◆ Aim of the exercise: Your job is to restate each entry word for word.

= Beginning of Section =

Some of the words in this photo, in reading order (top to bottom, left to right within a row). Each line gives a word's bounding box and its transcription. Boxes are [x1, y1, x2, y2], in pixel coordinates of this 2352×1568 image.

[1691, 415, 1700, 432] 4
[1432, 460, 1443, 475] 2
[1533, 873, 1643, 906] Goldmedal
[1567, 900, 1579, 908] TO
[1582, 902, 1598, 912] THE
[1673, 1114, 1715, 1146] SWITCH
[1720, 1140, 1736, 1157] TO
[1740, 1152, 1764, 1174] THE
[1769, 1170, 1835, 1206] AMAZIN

= End of Section =

◆ Response below:
Some of the words in this photo, in reading order (top to bottom, left to right within a row). Each line gives a word's bounding box and its transcription. Boxes are [x1, y1, x2, y2], in pixel coordinates of this 2352×1568 image.

[1691, 415, 1700, 432] 4
[1432, 460, 1443, 475] 2
[1533, 873, 1643, 906] Goldmedal
[1567, 900, 1579, 908] TO
[1582, 902, 1598, 912] THE
[1673, 1114, 1715, 1146] SWITCH
[1720, 1140, 1736, 1157] TO
[1740, 1152, 1764, 1174] THE
[1769, 1170, 1835, 1206] AMAZIN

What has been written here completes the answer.